Un primo nodo strutturale da sciogliere, quindi, sarà la capacità del centrosinistra di riconfigurare sé stesso secondo un’identità plurale attorno al tema del rispetto, senza cadere preda delle divisioni interne. Una seconda questione riguarda la capacità del centrosinistra di condurre il centrodestra alla consapevolezza che nessuno ha i numeri per imporre il proprio candidato. Si potrebbe stipulare un patto che conduca i poli rivali, che poi dovranno competere alle elezioni, alla conclusione della legislatura.

Del resto, le vere sfide per il Paese sono altre: porre sotto controllo la pandemia (quest’anno non si è chiuso nulla), la realizzazione del PNRR con la sua ingente mole di investimenti, mantenere alta la crescita dell’economia che dovrebbe toccare il record del 6,3%, contenere l’inflazione importata per i prodotti energetici. Per questo le quotazioni di Mario Draghi, nonostante il no di Berlusconi, restano alte anche se il quadro si è fatto incerto e vischioso, con candidature che nasceranno e moriranno in poche ore. È la conflittualità tra le coalizioni e dentro le coalizioni che mantiene il suo nome come una garanzia per far progredire il Paese avendo come riferimento l’interesse generale. È difficile immaginare, infatti, che il governo possa continuare a operare se la maggioranza che elegge il presidente è molto diversa da quella che sorregge il governo.

Il centrosinistra sembra avere investito risorse su un discorso di rassicurazione sia verso un Parlamento che teme le elezioni anticipate, sia verso il Paese. Se è vero che le grandi sfide incombono e che hanno acutizzato la domanda di sicurezza dei cittadini, occorre muoversi come «forza tranquilla» che parla a un’audience che domanda stabilità e fiducia. La difesa di Draghi corrisponde a questi bisogni diffusi di rassicurazione. Il dialogo senza preclusioni con il centrodestra è un segnale di attenzione ai timori sulle possibili ricadute negative sull’economia e sul controllo dell’epidemia di un conflitto politico. Il centrosinistra, soprattutto con Letta, non ha risposto al centrodestra sul piano identitario, evitando lo scontro. Ha avviato un discorso resiliente, ma non meno determinato. In questo modo si è spostata l’attenzione dal confronto tra identità alla discussione sulla effettiva praticabilità di una prova di forza.

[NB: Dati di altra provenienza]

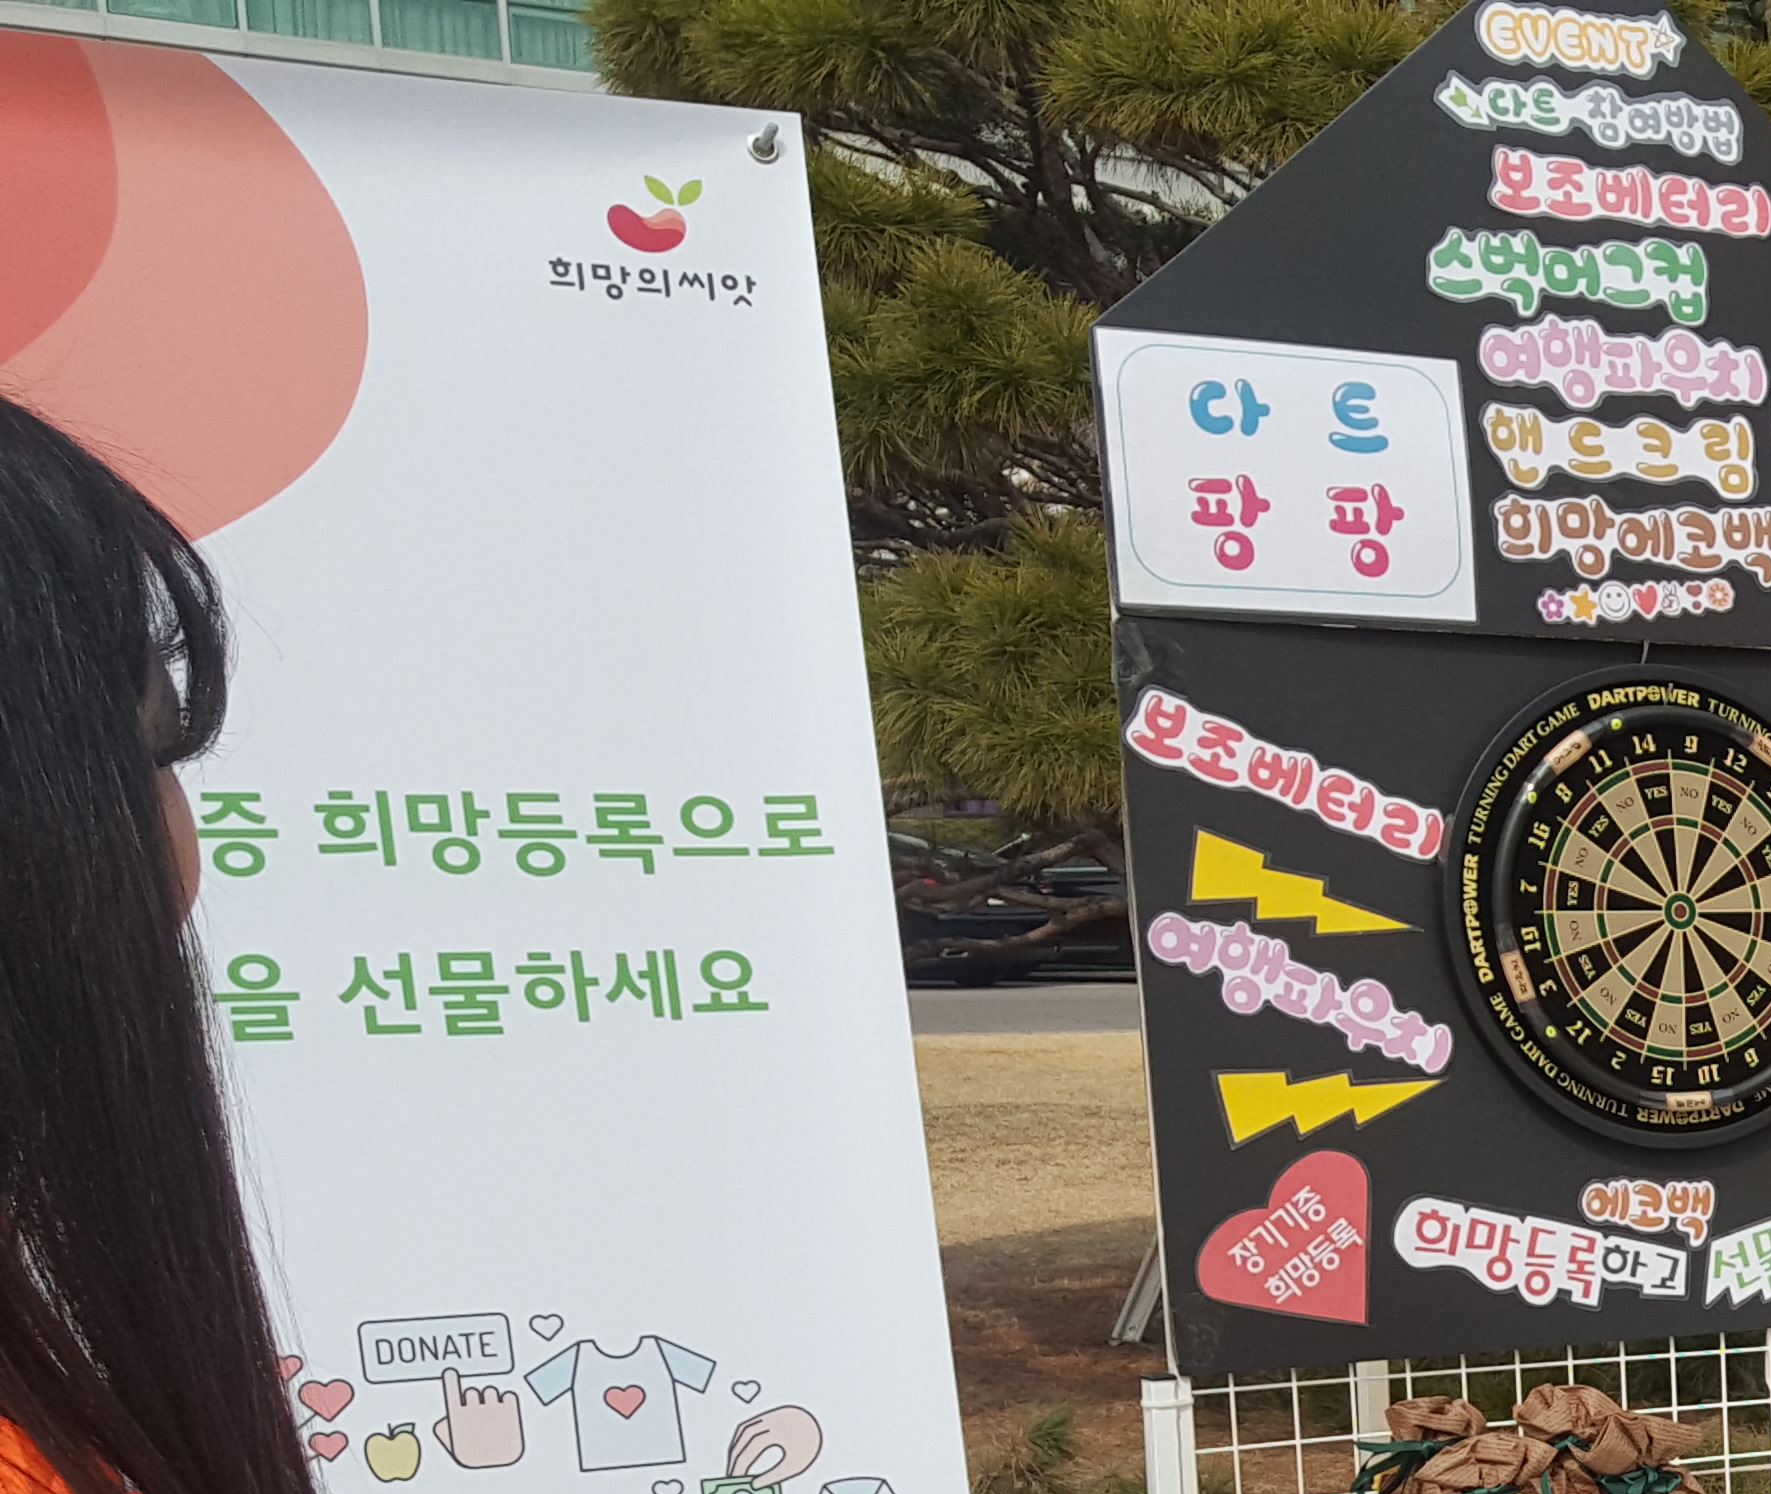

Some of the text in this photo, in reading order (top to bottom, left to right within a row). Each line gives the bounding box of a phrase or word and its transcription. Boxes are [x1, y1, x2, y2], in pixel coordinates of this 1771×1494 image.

Il centrosinistra sembra collocarsi in una posizione di attesa, che consenta l’eventuale maturazione nel centrodestra di una mediazione. Ma deve a sua volta fare attenzione alle spinte centrifughe di alcune sue componenti, che vogliono puntare su nomi che non consentono una condivisione.

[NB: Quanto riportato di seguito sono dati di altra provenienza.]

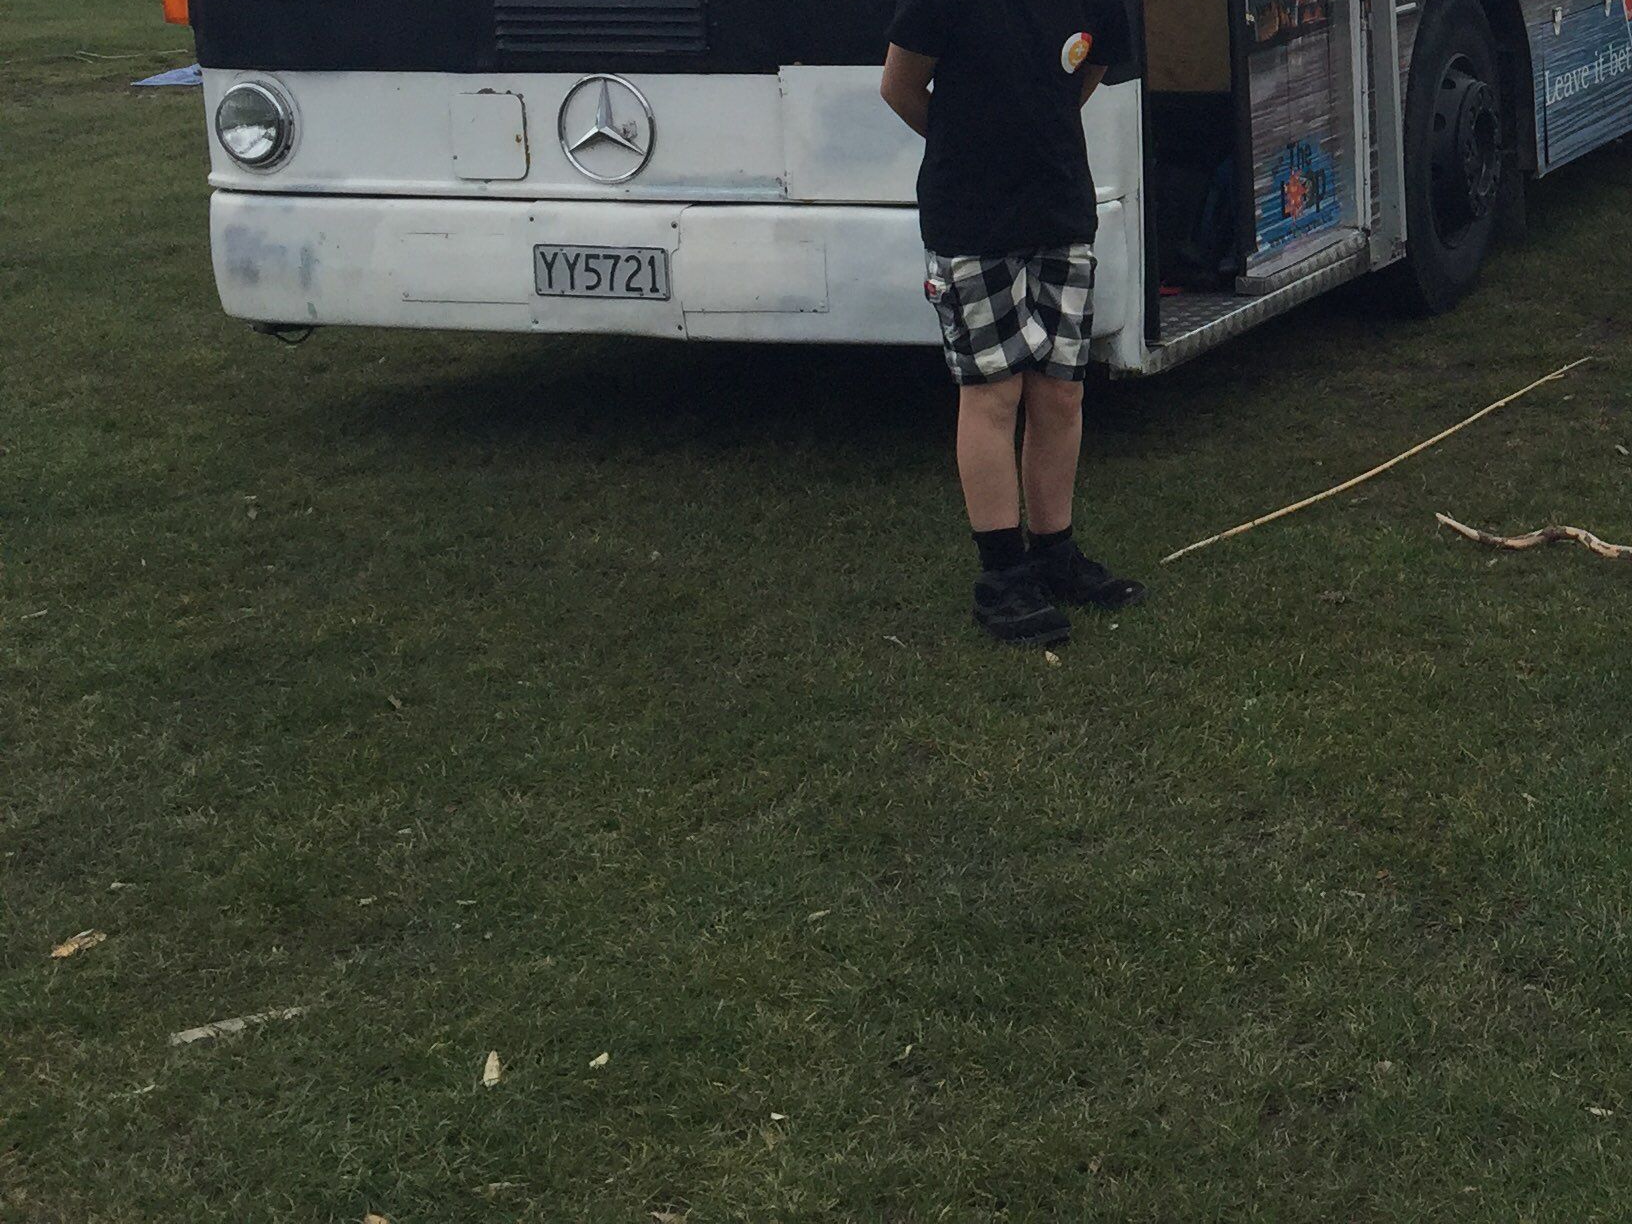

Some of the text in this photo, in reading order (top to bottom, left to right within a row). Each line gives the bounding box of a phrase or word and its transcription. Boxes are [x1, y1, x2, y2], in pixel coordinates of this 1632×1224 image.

[1545, 65, 1589, 106] Leave
[1595, 51, 1606, 82] it
[539, 251, 660, 294] YY5721

Il Quirinale come rappresentazione del Paese
Il centrosinistra, quindi, sembra aver compreso che deve rispondere allo stato emotivo della società. L’insicurezza non ha solo radici economiche e sociali, deriva anche da uno stato d’ansia per la mancanza di riferimenti, di valori in cui credere. La corsa al Quirinale, in questa prospettiva, si identifica come una rappresentazione del Paese. Può mettere in scena la narrazione di una crisi di sistema oppure il racconto di un Paese unito, impegnato a superare antichi limiti.

Se l’opinione pubblica internazionale oggi guarda all’Italia come a una nazione che ha reagito meglio di altre alla pandemia e che sta mettendo a segno una crescita economica tra le più robuste, se i mercati internazionali scrutano il Quirinale, se i più importati quotidiani del mondo seguono le elezioni, è perché l’Italia ha smentito i pronostici più infausti. L’unità nazionale sembra al momento la cornice dalla quale non si può prescindere, che forse corrisponde alla ricerca di fiducia e di stabilità del Paese. Non sprecare l’occasione significa difendere il futuro. Il Quirinale è il messaggio. Perché restituirà a noi stessi e al mondo la nuova rappresentazione dell’Italia, del chi siamo all’epoca del virus, tra frammentazione e unità. E per i partiti è l’opportunità di recuperare parte della credibilità perduta.